Material supplied —
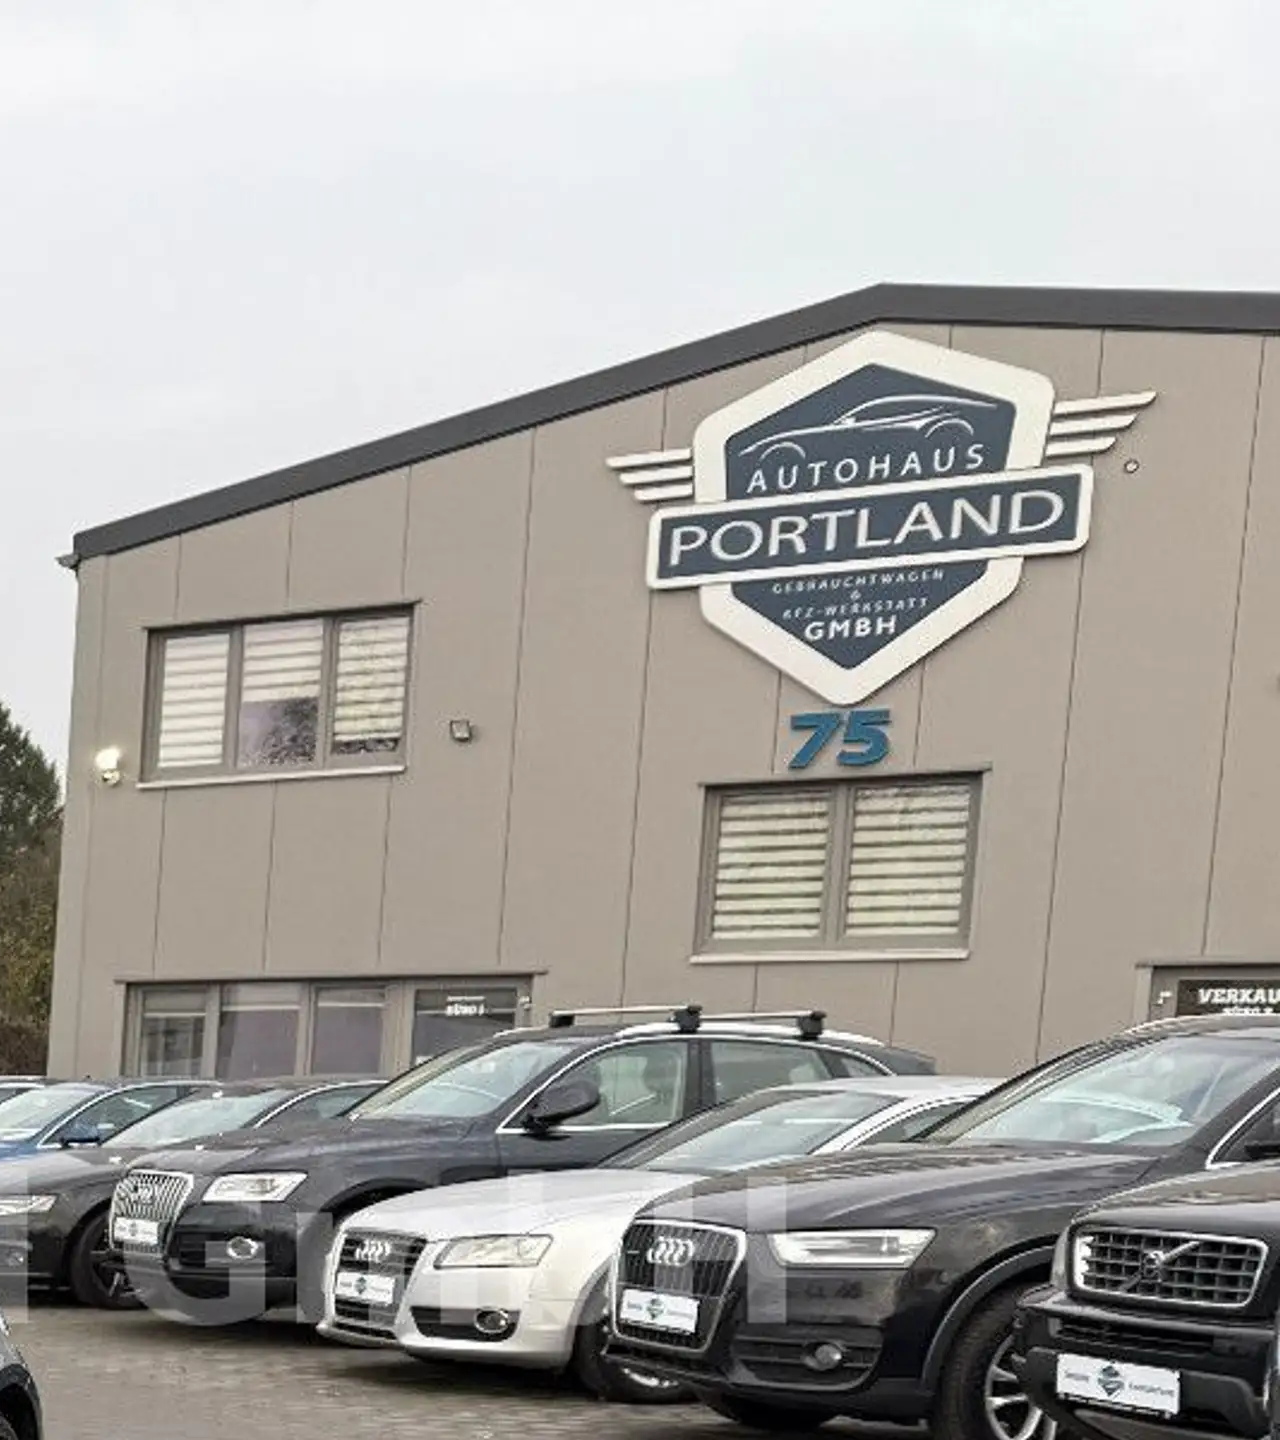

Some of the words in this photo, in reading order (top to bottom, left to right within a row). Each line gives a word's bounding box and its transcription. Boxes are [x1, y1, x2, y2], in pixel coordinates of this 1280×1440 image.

[746, 443, 986, 495] AUTOHAUS
[668, 489, 1066, 567] PORTLAND
[772, 568, 944, 595] GEBRAUCHTWAGEN
[804, 614, 898, 641] GMBH
[787, 710, 892, 770] 75

What is needed —
Skip the pictures and output all entries exactly.

Expected output —
Some of the words in this photo, in reading order (top to bottom, left to right within a row). Each line gives a word's bounding box and its transcription. Boxes are [x1, y1, x2, y2], in pixel coordinates of this 1280×1440 image.

[746, 443, 986, 495] AUTOHAUS
[668, 489, 1066, 567] PORTLAND
[772, 568, 944, 595] GEBRAUCHTWAGEN
[804, 614, 898, 641] GMBH
[787, 710, 892, 770] 75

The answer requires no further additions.